* **INSTRUCTIONS TO FOLLOW**: Except for the pictures, write out all the records that follow exactly.

* **EXTRACTED ENTRIES**:
--- --- ---

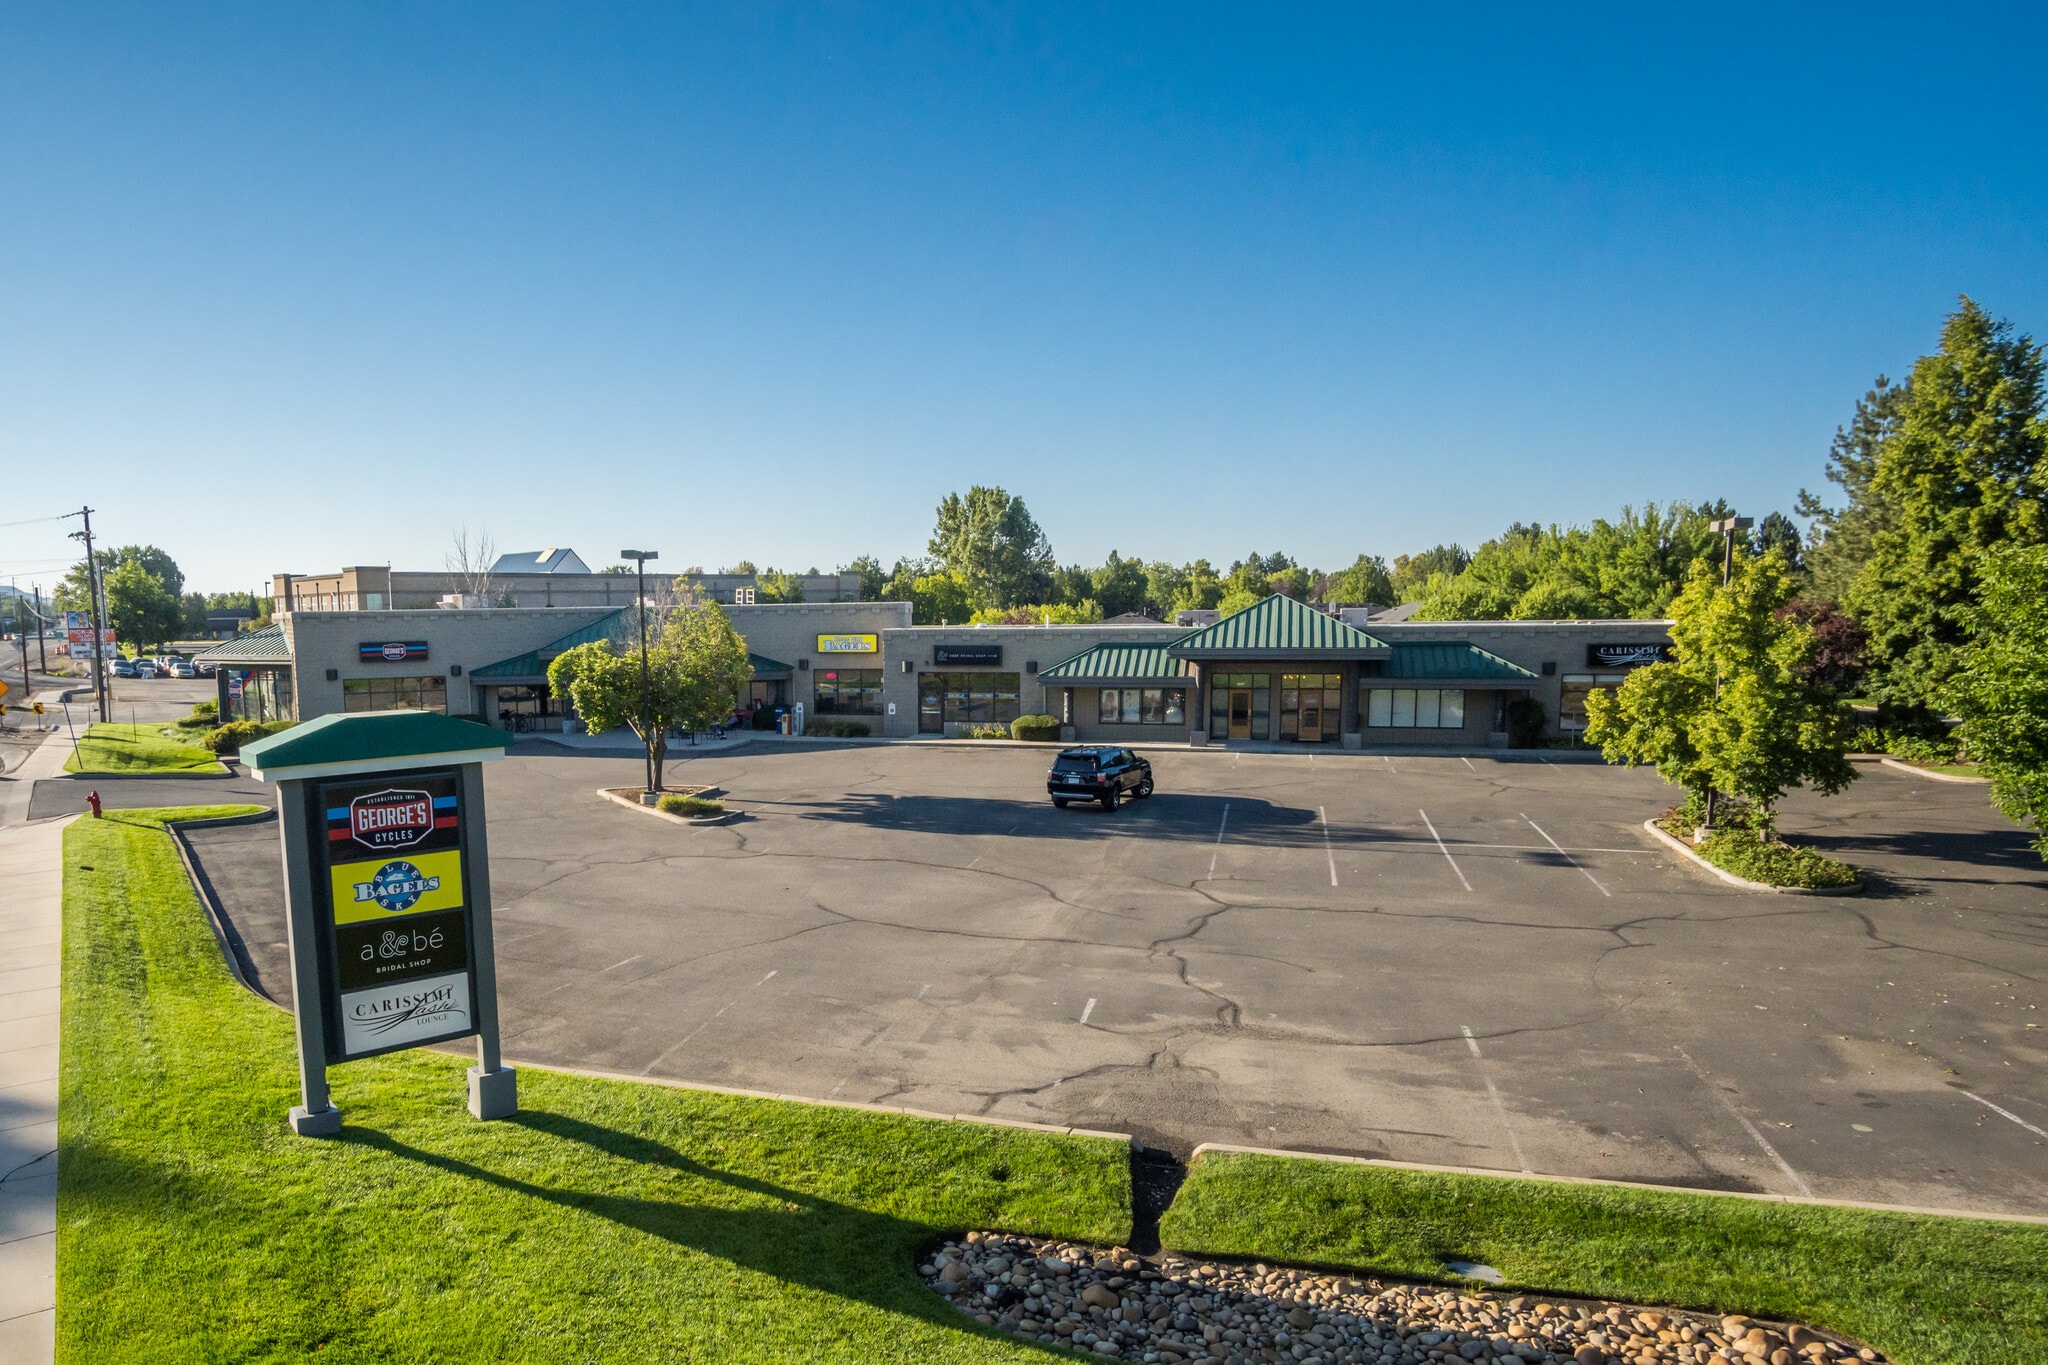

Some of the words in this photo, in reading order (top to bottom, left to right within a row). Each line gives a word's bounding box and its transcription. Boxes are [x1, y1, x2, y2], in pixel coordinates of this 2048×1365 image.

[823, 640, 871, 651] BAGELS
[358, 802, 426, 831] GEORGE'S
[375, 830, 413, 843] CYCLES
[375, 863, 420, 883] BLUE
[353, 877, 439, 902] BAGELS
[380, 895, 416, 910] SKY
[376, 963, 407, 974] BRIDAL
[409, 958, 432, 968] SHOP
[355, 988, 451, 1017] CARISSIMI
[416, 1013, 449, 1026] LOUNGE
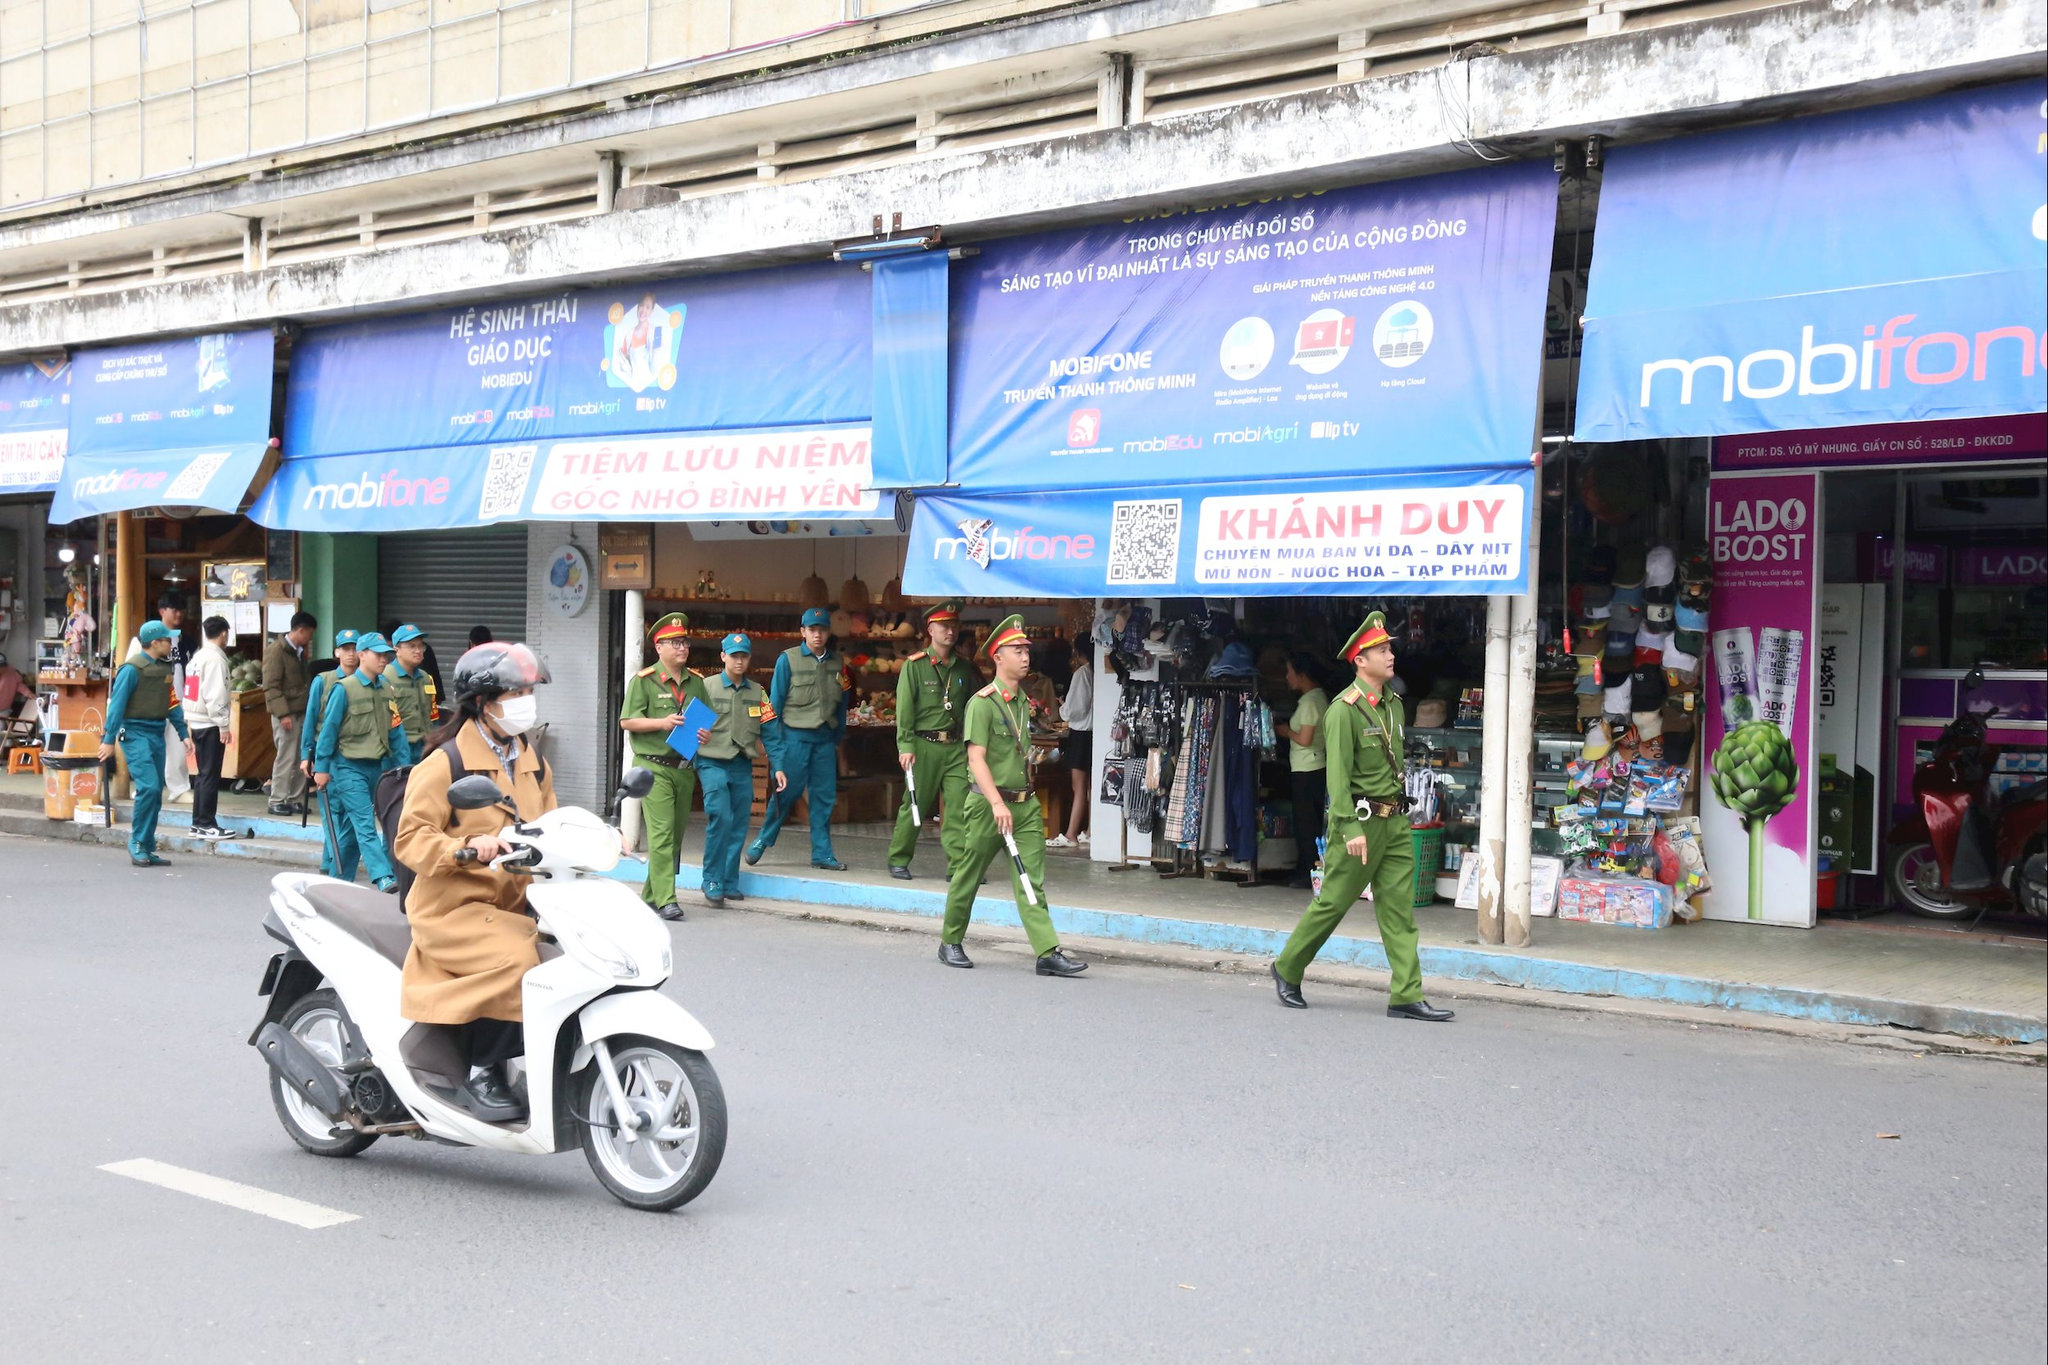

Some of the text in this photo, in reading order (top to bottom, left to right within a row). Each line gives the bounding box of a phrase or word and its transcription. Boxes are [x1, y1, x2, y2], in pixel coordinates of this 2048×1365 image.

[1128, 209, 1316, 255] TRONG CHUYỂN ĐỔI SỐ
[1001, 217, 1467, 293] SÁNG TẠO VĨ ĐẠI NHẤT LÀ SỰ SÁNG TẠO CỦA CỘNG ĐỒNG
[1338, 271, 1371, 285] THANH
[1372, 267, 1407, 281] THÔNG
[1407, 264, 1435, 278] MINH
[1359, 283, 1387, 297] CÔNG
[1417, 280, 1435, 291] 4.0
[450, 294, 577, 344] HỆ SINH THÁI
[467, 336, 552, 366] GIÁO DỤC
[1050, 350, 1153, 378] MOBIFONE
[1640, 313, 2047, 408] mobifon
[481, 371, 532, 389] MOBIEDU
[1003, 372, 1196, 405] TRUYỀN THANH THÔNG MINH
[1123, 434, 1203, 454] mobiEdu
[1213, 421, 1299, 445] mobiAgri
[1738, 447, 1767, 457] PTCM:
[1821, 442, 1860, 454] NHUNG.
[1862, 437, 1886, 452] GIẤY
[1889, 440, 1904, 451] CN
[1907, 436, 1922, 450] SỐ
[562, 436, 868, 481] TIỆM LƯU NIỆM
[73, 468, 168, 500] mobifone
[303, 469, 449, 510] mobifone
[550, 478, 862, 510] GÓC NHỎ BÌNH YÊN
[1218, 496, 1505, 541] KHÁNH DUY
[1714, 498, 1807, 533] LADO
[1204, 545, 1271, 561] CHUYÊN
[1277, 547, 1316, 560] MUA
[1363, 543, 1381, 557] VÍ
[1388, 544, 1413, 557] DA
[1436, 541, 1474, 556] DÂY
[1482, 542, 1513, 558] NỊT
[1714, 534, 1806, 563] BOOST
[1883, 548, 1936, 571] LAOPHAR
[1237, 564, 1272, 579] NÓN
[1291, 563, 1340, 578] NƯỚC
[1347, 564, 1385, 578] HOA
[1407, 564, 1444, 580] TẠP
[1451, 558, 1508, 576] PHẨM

--- --- ---

* **TASK ANSWER**:
Some of the words in this photo, in reading order (top to bottom, left to right within a row). Each line gives a word's bounding box and its transcription. Boxes are [x1, y1, x2, y2], in pixel coordinates of this 2048×1365 image.

[823, 640, 871, 651] BAGELS
[358, 802, 426, 831] GEORGE'S
[375, 830, 413, 843] CYCLES
[375, 863, 420, 883] BLUE
[353, 877, 439, 902] BAGELS
[380, 895, 416, 910] SKY
[376, 963, 407, 974] BRIDAL
[409, 958, 432, 968] SHOP
[355, 988, 451, 1017] CARISSIMI
[416, 1013, 449, 1026] LOUNGE

Some of the text in this photo, in reading order (top to bottom, left to right within a row). Each line gives the bounding box of a phrase or word and its transcription. Boxes are [x1, y1, x2, y2], in pixel coordinates of this 2048×1365 image.

[1128, 209, 1316, 255] TRONG CHUYỂN ĐỔI SỐ
[1001, 217, 1467, 293] SÁNG TẠO VĨ ĐẠI NHẤT LÀ SỰ SÁNG TẠO CỦA CỘNG ĐỒNG
[1338, 271, 1371, 285] THANH
[1372, 267, 1407, 281] THÔNG
[1407, 264, 1435, 278] MINH
[1359, 283, 1387, 297] CÔNG
[1417, 280, 1435, 291] 4.0
[450, 294, 577, 344] HỆ SINH THÁI
[467, 336, 552, 366] GIÁO DỤC
[1050, 350, 1153, 378] MOBIFONE
[1640, 313, 2047, 408] mobifon
[481, 371, 532, 389] MOBIEDU
[1003, 372, 1196, 405] TRUYỀN THANH THÔNG MINH
[1123, 434, 1203, 454] mobiEdu
[1213, 421, 1299, 445] mobiAgri
[1738, 447, 1767, 457] PTCM:
[1821, 442, 1860, 454] NHUNG.
[1862, 437, 1886, 452] GIẤY
[1889, 440, 1904, 451] CN
[1907, 436, 1922, 450] SỐ
[562, 436, 868, 481] TIỆM LƯU NIỆM
[73, 468, 168, 500] mobifone
[303, 469, 449, 510] mobifone
[550, 478, 862, 510] GÓC NHỎ BÌNH YÊN
[1218, 496, 1505, 541] KHÁNH DUY
[1714, 498, 1807, 533] LADO
[1204, 545, 1271, 561] CHUYÊN
[1277, 547, 1316, 560] MUA
[1363, 543, 1381, 557] VÍ
[1388, 544, 1413, 557] DA
[1436, 541, 1474, 556] DÂY
[1482, 542, 1513, 558] NỊT
[1714, 534, 1806, 563] BOOST
[1883, 548, 1936, 571] LAOPHAR
[1237, 564, 1272, 579] NÓN
[1291, 563, 1340, 578] NƯỚC
[1347, 564, 1385, 578] HOA
[1407, 564, 1444, 580] TẠP
[1451, 558, 1508, 576] PHẨM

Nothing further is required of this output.